● **Exercise materials**:

++++++++

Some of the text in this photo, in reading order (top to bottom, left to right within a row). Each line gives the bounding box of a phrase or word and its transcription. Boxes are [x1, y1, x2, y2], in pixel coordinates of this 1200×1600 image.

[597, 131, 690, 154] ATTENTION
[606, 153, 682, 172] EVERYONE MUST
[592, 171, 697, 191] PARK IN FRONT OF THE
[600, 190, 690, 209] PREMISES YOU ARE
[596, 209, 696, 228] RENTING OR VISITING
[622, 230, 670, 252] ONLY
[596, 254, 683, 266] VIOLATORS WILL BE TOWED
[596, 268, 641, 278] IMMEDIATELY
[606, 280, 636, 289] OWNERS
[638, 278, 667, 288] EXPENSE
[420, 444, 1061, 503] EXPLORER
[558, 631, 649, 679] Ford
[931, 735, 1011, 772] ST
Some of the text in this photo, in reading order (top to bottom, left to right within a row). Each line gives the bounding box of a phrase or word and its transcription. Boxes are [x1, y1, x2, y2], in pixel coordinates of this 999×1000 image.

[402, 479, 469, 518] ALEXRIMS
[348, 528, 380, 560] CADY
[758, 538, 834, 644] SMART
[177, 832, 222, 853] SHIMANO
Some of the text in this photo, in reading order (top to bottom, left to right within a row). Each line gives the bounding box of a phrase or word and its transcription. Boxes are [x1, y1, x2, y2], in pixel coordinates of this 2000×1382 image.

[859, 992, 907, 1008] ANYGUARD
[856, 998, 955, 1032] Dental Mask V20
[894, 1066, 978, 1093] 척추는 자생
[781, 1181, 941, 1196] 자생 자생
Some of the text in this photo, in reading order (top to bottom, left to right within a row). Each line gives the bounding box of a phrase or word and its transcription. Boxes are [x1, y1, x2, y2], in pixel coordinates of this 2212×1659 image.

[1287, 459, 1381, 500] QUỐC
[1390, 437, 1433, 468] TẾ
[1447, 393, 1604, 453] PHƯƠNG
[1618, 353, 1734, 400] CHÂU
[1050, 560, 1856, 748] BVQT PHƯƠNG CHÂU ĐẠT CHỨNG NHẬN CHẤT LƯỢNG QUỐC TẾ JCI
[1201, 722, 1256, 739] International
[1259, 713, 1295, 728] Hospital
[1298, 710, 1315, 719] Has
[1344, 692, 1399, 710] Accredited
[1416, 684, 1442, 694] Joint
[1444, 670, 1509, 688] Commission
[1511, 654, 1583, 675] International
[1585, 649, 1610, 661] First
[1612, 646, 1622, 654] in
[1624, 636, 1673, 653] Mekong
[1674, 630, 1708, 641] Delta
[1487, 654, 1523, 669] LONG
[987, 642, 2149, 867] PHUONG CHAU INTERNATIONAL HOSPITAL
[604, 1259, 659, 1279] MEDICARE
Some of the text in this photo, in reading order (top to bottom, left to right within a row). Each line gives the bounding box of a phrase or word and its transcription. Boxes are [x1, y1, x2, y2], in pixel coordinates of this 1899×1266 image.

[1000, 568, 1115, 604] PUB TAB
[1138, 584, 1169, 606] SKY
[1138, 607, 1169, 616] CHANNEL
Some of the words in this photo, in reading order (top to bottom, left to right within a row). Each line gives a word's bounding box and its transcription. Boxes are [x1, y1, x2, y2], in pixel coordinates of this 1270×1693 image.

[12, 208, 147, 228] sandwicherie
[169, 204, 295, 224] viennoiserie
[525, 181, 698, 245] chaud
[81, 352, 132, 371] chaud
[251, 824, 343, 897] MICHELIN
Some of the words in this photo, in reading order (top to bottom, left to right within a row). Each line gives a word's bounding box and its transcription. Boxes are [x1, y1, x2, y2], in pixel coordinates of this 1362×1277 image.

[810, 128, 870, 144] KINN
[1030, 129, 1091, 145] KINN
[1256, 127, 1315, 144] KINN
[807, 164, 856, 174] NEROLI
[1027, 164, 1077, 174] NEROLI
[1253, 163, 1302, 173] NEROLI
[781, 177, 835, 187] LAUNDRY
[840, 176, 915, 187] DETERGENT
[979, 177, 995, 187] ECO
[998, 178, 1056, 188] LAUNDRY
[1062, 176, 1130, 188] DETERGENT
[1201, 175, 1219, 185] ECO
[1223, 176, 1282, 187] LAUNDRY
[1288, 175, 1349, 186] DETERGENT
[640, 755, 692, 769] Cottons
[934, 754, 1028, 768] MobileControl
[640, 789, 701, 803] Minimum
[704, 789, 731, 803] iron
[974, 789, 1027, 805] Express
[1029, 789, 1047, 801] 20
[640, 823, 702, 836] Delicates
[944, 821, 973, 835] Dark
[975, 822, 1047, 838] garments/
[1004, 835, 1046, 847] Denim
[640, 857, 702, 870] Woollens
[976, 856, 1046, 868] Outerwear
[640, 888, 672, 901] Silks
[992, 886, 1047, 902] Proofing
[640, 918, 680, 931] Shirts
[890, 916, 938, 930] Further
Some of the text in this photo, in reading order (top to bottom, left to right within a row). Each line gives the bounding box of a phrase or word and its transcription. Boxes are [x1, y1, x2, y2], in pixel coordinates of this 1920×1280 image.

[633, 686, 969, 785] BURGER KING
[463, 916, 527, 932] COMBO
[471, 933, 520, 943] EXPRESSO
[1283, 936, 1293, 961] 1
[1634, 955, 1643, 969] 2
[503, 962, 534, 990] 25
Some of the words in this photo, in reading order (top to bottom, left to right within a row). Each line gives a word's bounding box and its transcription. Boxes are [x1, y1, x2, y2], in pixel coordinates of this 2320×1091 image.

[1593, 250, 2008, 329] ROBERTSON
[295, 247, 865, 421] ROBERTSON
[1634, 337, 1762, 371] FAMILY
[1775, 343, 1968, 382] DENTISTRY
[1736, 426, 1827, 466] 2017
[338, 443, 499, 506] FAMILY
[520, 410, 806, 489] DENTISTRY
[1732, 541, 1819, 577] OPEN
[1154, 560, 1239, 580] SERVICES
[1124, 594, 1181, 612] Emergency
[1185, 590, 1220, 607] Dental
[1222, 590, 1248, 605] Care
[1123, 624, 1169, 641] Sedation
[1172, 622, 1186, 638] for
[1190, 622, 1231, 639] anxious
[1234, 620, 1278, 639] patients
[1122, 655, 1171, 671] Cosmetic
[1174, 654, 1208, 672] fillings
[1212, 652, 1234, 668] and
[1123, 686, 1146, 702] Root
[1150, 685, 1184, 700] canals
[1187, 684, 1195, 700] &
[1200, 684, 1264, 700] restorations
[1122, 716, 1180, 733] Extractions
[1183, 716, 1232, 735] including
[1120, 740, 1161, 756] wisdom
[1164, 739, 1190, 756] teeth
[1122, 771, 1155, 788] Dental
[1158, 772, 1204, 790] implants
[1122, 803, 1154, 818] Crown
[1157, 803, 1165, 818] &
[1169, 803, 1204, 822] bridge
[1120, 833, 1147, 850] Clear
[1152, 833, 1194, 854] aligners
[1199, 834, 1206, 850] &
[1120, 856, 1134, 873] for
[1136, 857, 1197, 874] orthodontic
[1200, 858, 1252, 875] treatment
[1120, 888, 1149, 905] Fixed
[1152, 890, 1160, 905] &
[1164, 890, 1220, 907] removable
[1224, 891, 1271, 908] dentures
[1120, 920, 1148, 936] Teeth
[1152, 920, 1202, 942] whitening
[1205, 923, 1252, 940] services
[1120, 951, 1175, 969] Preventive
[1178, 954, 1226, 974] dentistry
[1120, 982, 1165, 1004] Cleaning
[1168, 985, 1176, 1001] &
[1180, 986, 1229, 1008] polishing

++++++++

● **What you need to do**: Extract all of the data shown above and repeat it verbatim.

● **Task response**:
Some of the text in this photo, in reading order (top to bottom, left to right within a row). Each line gives the bounding box of a phrase or word and its transcription. Boxes are [x1, y1, x2, y2], in pixel coordinates of this 1200×1600 image.

[597, 131, 690, 154] ATTENTION
[606, 153, 682, 172] EVERYONE MUST
[592, 171, 697, 191] PARK IN FRONT OF THE
[600, 190, 690, 209] PREMISES YOU ARE
[596, 209, 696, 228] RENTING OR VISITING
[622, 230, 670, 252] ONLY
[596, 254, 683, 266] VIOLATORS WILL BE TOWED
[596, 268, 641, 278] IMMEDIATELY
[606, 280, 636, 289] OWNERS
[638, 278, 667, 288] EXPENSE
[420, 444, 1061, 503] EXPLORER
[558, 631, 649, 679] Ford
[931, 735, 1011, 772] ST
Some of the text in this photo, in reading order (top to bottom, left to right within a row). Each line gives the bounding box of a phrase or word and its transcription. Boxes are [x1, y1, x2, y2], in pixel coordinates of this 999×1000 image.

[402, 479, 469, 518] ALEXRIMS
[348, 528, 380, 560] CADY
[758, 538, 834, 644] SMART
[177, 832, 222, 853] SHIMANO
Some of the text in this photo, in reading order (top to bottom, left to right within a row). Each line gives the bounding box of a phrase or word and its transcription. Boxes are [x1, y1, x2, y2], in pixel coordinates of this 2000×1382 image.

[859, 992, 907, 1008] ANYGUARD
[856, 998, 955, 1032] Dental Mask V20
[894, 1066, 978, 1093] 척추는 자생
[781, 1181, 941, 1196] 자생 자생
Some of the text in this photo, in reading order (top to bottom, left to right within a row). Each line gives the bounding box of a phrase or word and its transcription. Boxes are [x1, y1, x2, y2], in pixel coordinates of this 2212×1659 image.

[1287, 459, 1381, 500] QUỐC
[1390, 437, 1433, 468] TẾ
[1447, 393, 1604, 453] PHƯƠNG
[1618, 353, 1734, 400] CHÂU
[1050, 560, 1856, 748] BVQT PHƯƠNG CHÂU ĐẠT CHỨNG NHẬN CHẤT LƯỢNG QUỐC TẾ JCI
[1201, 722, 1256, 739] International
[1259, 713, 1295, 728] Hospital
[1298, 710, 1315, 719] Has
[1344, 692, 1399, 710] Accredited
[1416, 684, 1442, 694] Joint
[1444, 670, 1509, 688] Commission
[1511, 654, 1583, 675] International
[1585, 649, 1610, 661] First
[1612, 646, 1622, 654] in
[1624, 636, 1673, 653] Mekong
[1674, 630, 1708, 641] Delta
[1487, 654, 1523, 669] LONG
[987, 642, 2149, 867] PHUONG CHAU INTERNATIONAL HOSPITAL
[604, 1259, 659, 1279] MEDICARE
Some of the text in this photo, in reading order (top to bottom, left to right within a row). Each line gives the bounding box of a phrase or word and its transcription. Boxes are [x1, y1, x2, y2], in pixel coordinates of this 1899×1266 image.

[1000, 568, 1115, 604] PUB TAB
[1138, 584, 1169, 606] SKY
[1138, 607, 1169, 616] CHANNEL
Some of the words in this photo, in reading order (top to bottom, left to right within a row). Each line gives a word's bounding box and its transcription. Boxes are [x1, y1, x2, y2], in pixel coordinates of this 1270×1693 image.

[12, 208, 147, 228] sandwicherie
[169, 204, 295, 224] viennoiserie
[525, 181, 698, 245] chaud
[81, 352, 132, 371] chaud
[251, 824, 343, 897] MICHELIN
Some of the words in this photo, in reading order (top to bottom, left to right within a row). Each line gives a word's bounding box and its transcription. Boxes are [x1, y1, x2, y2], in pixel coordinates of this 1362×1277 image.

[810, 128, 870, 144] KINN
[1030, 129, 1091, 145] KINN
[1256, 127, 1315, 144] KINN
[807, 164, 856, 174] NEROLI
[1027, 164, 1077, 174] NEROLI
[1253, 163, 1302, 173] NEROLI
[781, 177, 835, 187] LAUNDRY
[840, 176, 915, 187] DETERGENT
[979, 177, 995, 187] ECO
[998, 178, 1056, 188] LAUNDRY
[1062, 176, 1130, 188] DETERGENT
[1201, 175, 1219, 185] ECO
[1223, 176, 1282, 187] LAUNDRY
[1288, 175, 1349, 186] DETERGENT
[640, 755, 692, 769] Cottons
[934, 754, 1028, 768] MobileControl
[640, 789, 701, 803] Minimum
[704, 789, 731, 803] iron
[974, 789, 1027, 805] Express
[1029, 789, 1047, 801] 20
[640, 823, 702, 836] Delicates
[944, 821, 973, 835] Dark
[975, 822, 1047, 838] garments/
[1004, 835, 1046, 847] Denim
[640, 857, 702, 870] Woollens
[976, 856, 1046, 868] Outerwear
[640, 888, 672, 901] Silks
[992, 886, 1047, 902] Proofing
[640, 918, 680, 931] Shirts
[890, 916, 938, 930] Further
Some of the text in this photo, in reading order (top to bottom, left to right within a row). Each line gives the bounding box of a phrase or word and its transcription. Boxes are [x1, y1, x2, y2], in pixel coordinates of this 1920×1280 image.

[633, 686, 969, 785] BURGER KING
[463, 916, 527, 932] COMBO
[471, 933, 520, 943] EXPRESSO
[1283, 936, 1293, 961] 1
[1634, 955, 1643, 969] 2
[503, 962, 534, 990] 25
Some of the words in this photo, in reading order (top to bottom, left to right within a row). Each line gives a word's bounding box and its transcription. Boxes are [x1, y1, x2, y2], in pixel coordinates of this 2320×1091 image.

[1593, 250, 2008, 329] ROBERTSON
[295, 247, 865, 421] ROBERTSON
[1634, 337, 1762, 371] FAMILY
[1775, 343, 1968, 382] DENTISTRY
[1736, 426, 1827, 466] 2017
[338, 443, 499, 506] FAMILY
[520, 410, 806, 489] DENTISTRY
[1732, 541, 1819, 577] OPEN
[1154, 560, 1239, 580] SERVICES
[1124, 594, 1181, 612] Emergency
[1185, 590, 1220, 607] Dental
[1222, 590, 1248, 605] Care
[1123, 624, 1169, 641] Sedation
[1172, 622, 1186, 638] for
[1190, 622, 1231, 639] anxious
[1234, 620, 1278, 639] patients
[1122, 655, 1171, 671] Cosmetic
[1174, 654, 1208, 672] fillings
[1212, 652, 1234, 668] and
[1123, 686, 1146, 702] Root
[1150, 685, 1184, 700] canals
[1187, 684, 1195, 700] &
[1200, 684, 1264, 700] restorations
[1122, 716, 1180, 733] Extractions
[1183, 716, 1232, 735] including
[1120, 740, 1161, 756] wisdom
[1164, 739, 1190, 756] teeth
[1122, 771, 1155, 788] Dental
[1158, 772, 1204, 790] implants
[1122, 803, 1154, 818] Crown
[1157, 803, 1165, 818] &
[1169, 803, 1204, 822] bridge
[1120, 833, 1147, 850] Clear
[1152, 833, 1194, 854] aligners
[1199, 834, 1206, 850] &
[1120, 856, 1134, 873] for
[1136, 857, 1197, 874] orthodontic
[1200, 858, 1252, 875] treatment
[1120, 888, 1149, 905] Fixed
[1152, 890, 1160, 905] &
[1164, 890, 1220, 907] removable
[1224, 891, 1271, 908] dentures
[1120, 920, 1148, 936] Teeth
[1152, 920, 1202, 942] whitening
[1205, 923, 1252, 940] services
[1120, 951, 1175, 969] Preventive
[1178, 954, 1226, 974] dentistry
[1120, 982, 1165, 1004] Cleaning
[1168, 985, 1176, 1001] &
[1180, 986, 1229, 1008] polishing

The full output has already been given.